▶ EXERCISE
Copy the records below exactly as they appear.

▶ DATA
________________________
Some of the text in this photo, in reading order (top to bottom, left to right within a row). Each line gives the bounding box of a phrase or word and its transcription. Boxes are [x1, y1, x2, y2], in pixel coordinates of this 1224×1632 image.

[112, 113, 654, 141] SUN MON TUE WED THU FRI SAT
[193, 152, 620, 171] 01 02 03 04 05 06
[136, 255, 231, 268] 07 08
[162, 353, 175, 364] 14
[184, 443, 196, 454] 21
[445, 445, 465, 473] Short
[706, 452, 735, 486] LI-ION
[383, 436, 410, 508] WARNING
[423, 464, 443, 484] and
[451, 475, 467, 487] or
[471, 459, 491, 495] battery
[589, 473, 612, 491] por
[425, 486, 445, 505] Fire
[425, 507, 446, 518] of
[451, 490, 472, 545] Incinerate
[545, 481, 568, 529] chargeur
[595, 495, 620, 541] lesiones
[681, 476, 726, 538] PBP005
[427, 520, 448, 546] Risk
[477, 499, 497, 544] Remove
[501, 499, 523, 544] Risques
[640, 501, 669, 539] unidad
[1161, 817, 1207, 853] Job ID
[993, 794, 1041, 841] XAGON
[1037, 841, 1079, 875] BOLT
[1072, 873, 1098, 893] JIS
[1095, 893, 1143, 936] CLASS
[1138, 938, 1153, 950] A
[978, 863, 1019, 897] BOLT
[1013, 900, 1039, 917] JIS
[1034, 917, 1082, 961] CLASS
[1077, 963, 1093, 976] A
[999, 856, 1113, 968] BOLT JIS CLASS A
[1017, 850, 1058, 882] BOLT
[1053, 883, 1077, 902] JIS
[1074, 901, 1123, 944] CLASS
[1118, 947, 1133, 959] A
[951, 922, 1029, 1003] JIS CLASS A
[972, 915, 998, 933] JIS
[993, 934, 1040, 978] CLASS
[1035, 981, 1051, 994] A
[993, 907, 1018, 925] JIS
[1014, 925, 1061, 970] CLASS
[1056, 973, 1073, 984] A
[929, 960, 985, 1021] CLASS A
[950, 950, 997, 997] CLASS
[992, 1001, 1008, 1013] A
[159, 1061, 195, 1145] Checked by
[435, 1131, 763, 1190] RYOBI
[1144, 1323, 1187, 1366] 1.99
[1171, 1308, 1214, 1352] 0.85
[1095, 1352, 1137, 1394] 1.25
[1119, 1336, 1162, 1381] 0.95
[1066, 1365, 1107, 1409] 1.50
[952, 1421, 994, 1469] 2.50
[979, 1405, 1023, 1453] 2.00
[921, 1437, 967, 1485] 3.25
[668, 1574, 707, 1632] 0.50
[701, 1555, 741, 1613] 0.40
________________________
▶ TASK OUTPUT
Some of the text in this photo, in reading order (top to bottom, left to right within a row). Each line gives the bounding box of a phrase or word and its transcription. Boxes are [x1, y1, x2, y2], in pixel coordinates of this 1224×1632 image.

[112, 113, 654, 141] SUN MON TUE WED THU FRI SAT
[193, 152, 620, 171] 01 02 03 04 05 06
[136, 255, 231, 268] 07 08
[162, 353, 175, 364] 14
[184, 443, 196, 454] 21
[445, 445, 465, 473] Short
[706, 452, 735, 486] LI-ION
[383, 436, 410, 508] WARNING
[423, 464, 443, 484] and
[451, 475, 467, 487] or
[471, 459, 491, 495] battery
[589, 473, 612, 491] por
[425, 486, 445, 505] Fire
[425, 507, 446, 518] of
[451, 490, 472, 545] Incinerate
[545, 481, 568, 529] chargeur
[595, 495, 620, 541] lesiones
[681, 476, 726, 538] PBP005
[427, 520, 448, 546] Risk
[477, 499, 497, 544] Remove
[501, 499, 523, 544] Risques
[640, 501, 669, 539] unidad
[1161, 817, 1207, 853] Job ID
[993, 794, 1041, 841] XAGON
[1037, 841, 1079, 875] BOLT
[1072, 873, 1098, 893] JIS
[1095, 893, 1143, 936] CLASS
[1138, 938, 1153, 950] A
[978, 863, 1019, 897] BOLT
[1013, 900, 1039, 917] JIS
[1034, 917, 1082, 961] CLASS
[1077, 963, 1093, 976] A
[999, 856, 1113, 968] BOLT JIS CLASS A
[1017, 850, 1058, 882] BOLT
[1053, 883, 1077, 902] JIS
[1074, 901, 1123, 944] CLASS
[1118, 947, 1133, 959] A
[951, 922, 1029, 1003] JIS CLASS A
[972, 915, 998, 933] JIS
[993, 934, 1040, 978] CLASS
[1035, 981, 1051, 994] A
[993, 907, 1018, 925] JIS
[1014, 925, 1061, 970] CLASS
[1056, 973, 1073, 984] A
[929, 960, 985, 1021] CLASS A
[950, 950, 997, 997] CLASS
[992, 1001, 1008, 1013] A
[159, 1061, 195, 1145] Checked by
[435, 1131, 763, 1190] RYOBI
[1144, 1323, 1187, 1366] 1.99
[1171, 1308, 1214, 1352] 0.85
[1095, 1352, 1137, 1394] 1.25
[1119, 1336, 1162, 1381] 0.95
[1066, 1365, 1107, 1409] 1.50
[952, 1421, 994, 1469] 2.50
[979, 1405, 1023, 1453] 2.00
[921, 1437, 967, 1485] 3.25
[668, 1574, 707, 1632] 0.50
[701, 1555, 741, 1613] 0.40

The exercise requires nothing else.